You may have noticed a change to my branding. What started out as a purely fashion related blog has evolved to include items other than garments. There was a few reasons for this change and the most important being sustainability. I have been reorganising my wardrobe and realised that the majority are clothes that I have made with a tiny proportion being vintage garments that I have sourced around the world. This got me thinking that I can no longer make clothes for the sake of making. Thoughts have to be given the materials used, the longevity and the purpose of the garment.
I also wanted the garments that I make to be special and become a visual form of communication for my views. The more I experiment and try a different way of pattern cutting, the more I wanted it to be part of my DNA. Also, I believe that integrating other art forms whether it is sewing, jewellery design, painting or handcrafts can feed and inform my pattern cutting. As I embark on a new voyage with this blog, I hope for your continued support.
To start this off, may I present you my latest project. During the lockdown, I realised that our household was consuming more food especially eggs (I am partially to blame as baking has been a hobby of mine). This resulted in a lot of egg cartons and cardboard going to the recycle bin. I decided instead to reuse this waste and make something.

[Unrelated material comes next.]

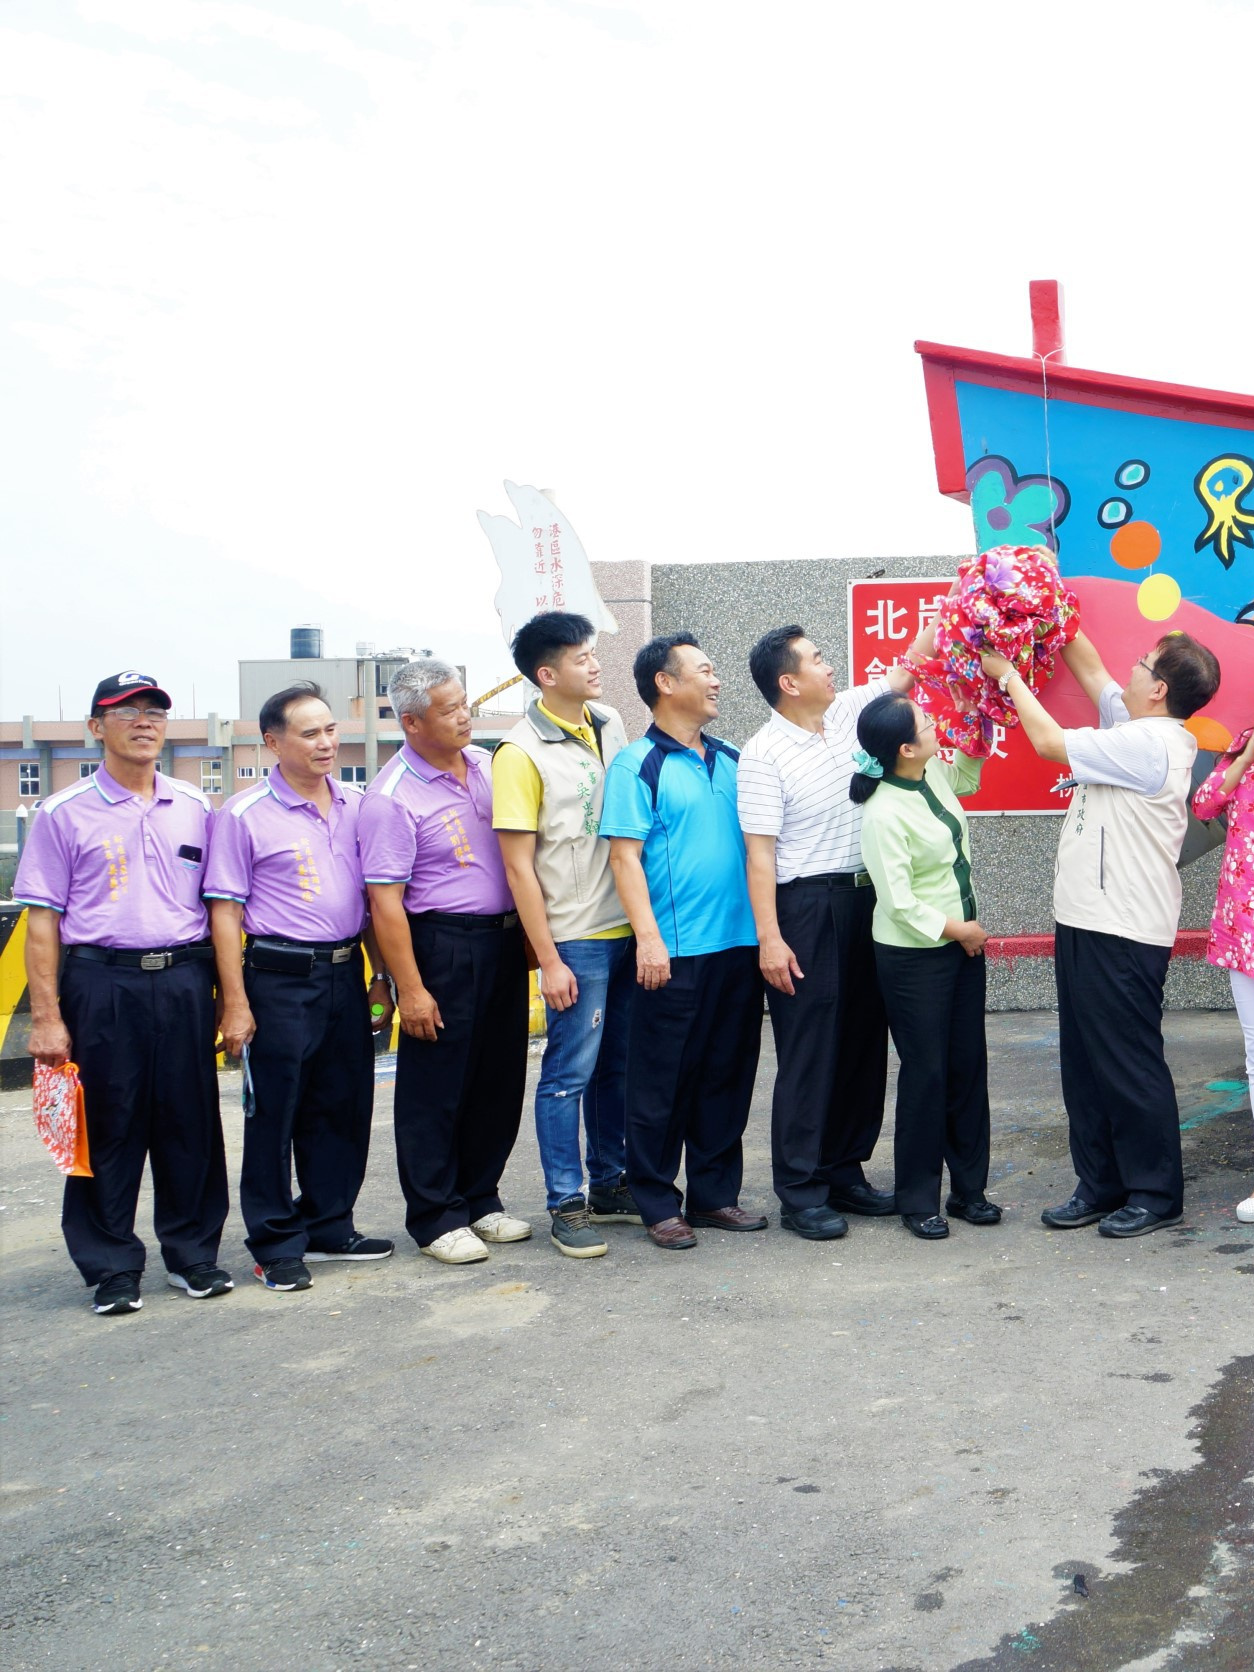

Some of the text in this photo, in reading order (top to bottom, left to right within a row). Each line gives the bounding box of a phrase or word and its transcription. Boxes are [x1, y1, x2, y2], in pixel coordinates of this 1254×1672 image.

This was when a picture of my family trip from a year ago popped up on my social media feed. I reminiscence the happy times where you could hug your loved ones, mingle in the crowd and eat everything under the sun. I also remembered buying a ‘Hariko No Tora’ (papier mache tiger) from the flea market in Kyoto to give as a present. Need I say more?
I googled how to make papier mache and realised that I only needed the paper source and PVA glue. Before long, I built the frame for the nodding tiger and started plastering the papier mache to the frame.
It’s been a while since I have been so engaged in a project. As it took time for the papier mache to dry, it meant that I was able to stop and reflect on the process while planning my next steps. All I needed to do next was glue strips of paper to create a smooth surface before I painted the tiger.
With a blank canvas prepared, I decided to paint a Tibetan tiger. It’s something I am familiar with and not something I have seen before. As I couldn’t buy any acrylic paints in the shop, I resorted to the fabric paints that I already have.
It took me a week to make this beauty as I also had to figure out how to get the head to nod but I am so pleased that all it took was waste in the recycling bin, bits that I had at home and some patience.
I also noticed that papier mache can work well as buttons as it is malleable when wet but is dries hard.